Figure 1 Structures of hOgg1 in complex with DNA containing photocaged 8-oxoguanine oG* (left, PDB code 9kky) and after photodissociation (right, PDB code 9kl8).

Structural comparison revealed successful photolytic removal of the cage group, with an uncaging occupancy of 68%. The newly freed oG base was observed within the hOGG1 catalytic site. Interestingly, the enzyme did not fully adopt the active conformation associated with complete substrate excision. Instead, it assumed a late-intermediate state, partially accommodating the substrate but not achieving the whole catalytic geometry. This suggests that while the uncaging step initiated the reaction trajectory, the system may require further optimization – such as more complete uncaging or longer reaction incubation – to reach fully active states.

Nevertheless, the ability to obtain high-resolution structures before and after uncaging represents a significant technical milestone.

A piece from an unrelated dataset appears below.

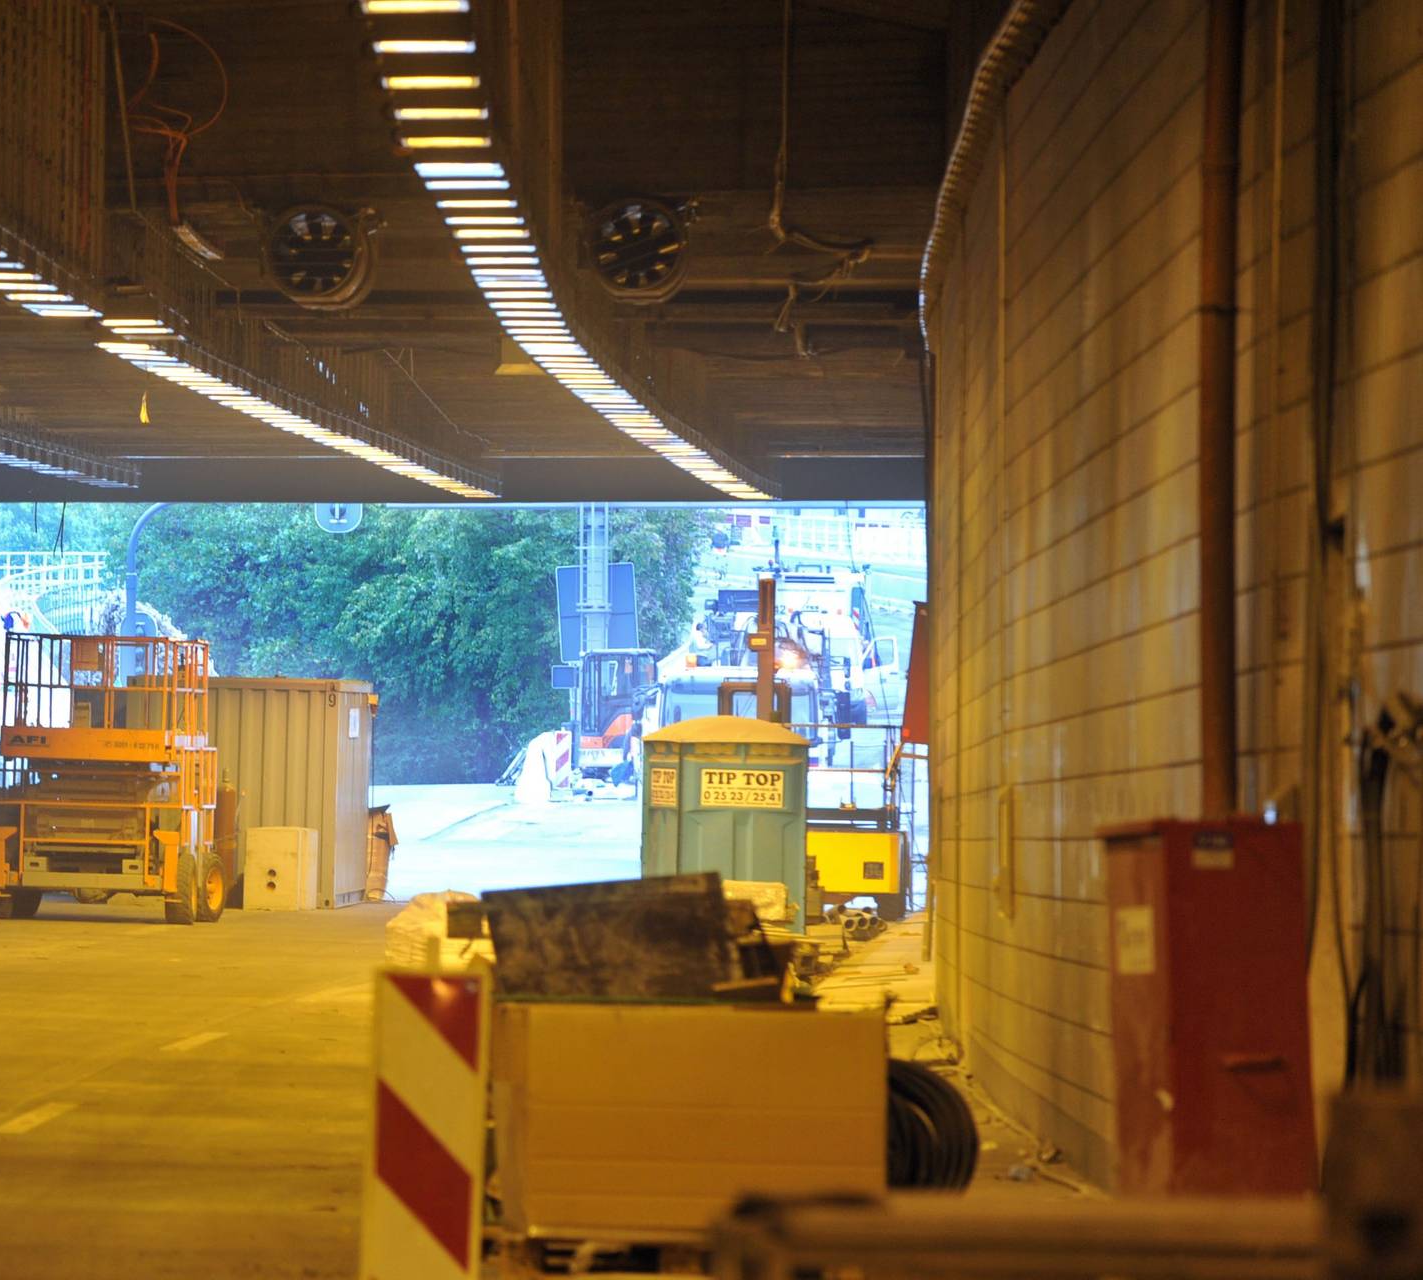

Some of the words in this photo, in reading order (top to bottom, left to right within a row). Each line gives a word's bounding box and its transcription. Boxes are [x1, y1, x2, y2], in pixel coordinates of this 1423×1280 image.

It demonstrates that the hOGG1–oG* complex is structurally robust enough to withstand photoactivation in crystallo, thus enabling its use in time-resolved structural studies.

The broader impact of this work is substantial. By integrating a light-activatable DNA lesion into a crystallographically tractable system, Imura et al. have created a valuable platform for probing the dynamics of base excision repair. The use of photocaged DNA enables precise temporal control over reaction initiation, making it possible to collect structural snapshots at multiple, finely spaced time points.

Moreover, this approach is broadly adaptable. Other DNA glycosylases, or even unrelated DNA-processing enzymes, may be amenable to similar strategies, provided they can be co-crystallized with photoreactive substrates. The implications extend beyond academic curiosity: understanding the detailed mechanisms of DNA repair has profound relevance to aging, cancer and genome-editing technologies.

In summary, Imura et al. have taken a critical step toward visualizing the elusive choreography of DNA repair enzymes in real time. Their findings confirm that photocaged lesion–enzyme complexes can support structural analysis both before and after activation, offering glimpses into the conformational changes that accompany enzymatic catalysis. While further development is needed to enable true time-resolved crystallography across a complete reaction cycle, the groundwork is solidly in place.

This work exemplifies the power of chemical biology and structural ingenuity in expanding the reach of time-resolved methods. By synchronizing enzyme activity with a pulse of light, researchers are now poised to illuminate not just the static structures of DNA repair proteins, but the molecular dynamics that define how they safeguard the genome.